The analytical frameworks that have organized cybersecurity thinking for fifteen years assume capability correlates with organizational resources. Advanced Persistent Threat groups possess advanced capabilities because they command state-sponsored budgets, institutional expertise, and organizational depth. Financially motivated criminals operate at lower sophistication because they lack those resources.

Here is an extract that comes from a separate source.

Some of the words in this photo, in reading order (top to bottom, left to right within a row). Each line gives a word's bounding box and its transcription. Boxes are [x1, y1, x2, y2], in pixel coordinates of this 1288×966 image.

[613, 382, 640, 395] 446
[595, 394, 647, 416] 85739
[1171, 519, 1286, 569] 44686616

The taxonomy (APT versus cybercrime, nation-state versus criminal, sophisticated versus commodity) rests on that correlation.

The correlation is broke.

A financially motivated individual (maybe small team) with commercial AI access just compromised 600+ devices across 55 countries, extracted complete Active Directory credential databases, and positioned for ransomware deployment against backup infrastructure. The techniques mirror state-sponsored operations. The organizational resources amount to a laptop and API keys.

AI compresses the offense supply chain from ecosystem to individual. The factory still runs. The Chinese ecosystem’s organizational model retains its advantage on hard targets. But the commodity operations face radical democratization. The 3D printer produces at lower quality than the factory. The operator can’t debug failed exploits, can’t compile custom tooling, can’t creatively adapt when conditions diverge from the AI-generated plan. When this actor hit a wall, they moved on.

The only reason we can study this campaign in the detail Amazon published is because the operator stored everything on a public server without encryption. A competent operator running the same model with basic infrastructure hygiene produces no exposed Zurich server. The victims discover the compromise through ransomware deployment. Or they don’t discover it at all.

That’s the campaign worth thinking about. The one that learned from this actor’s mistakes. The invisible assembly line, operated by one, running on commercial AI, processing soft targets at industrial speed with competent operational security.

How many are running right now? And how do we defeat them?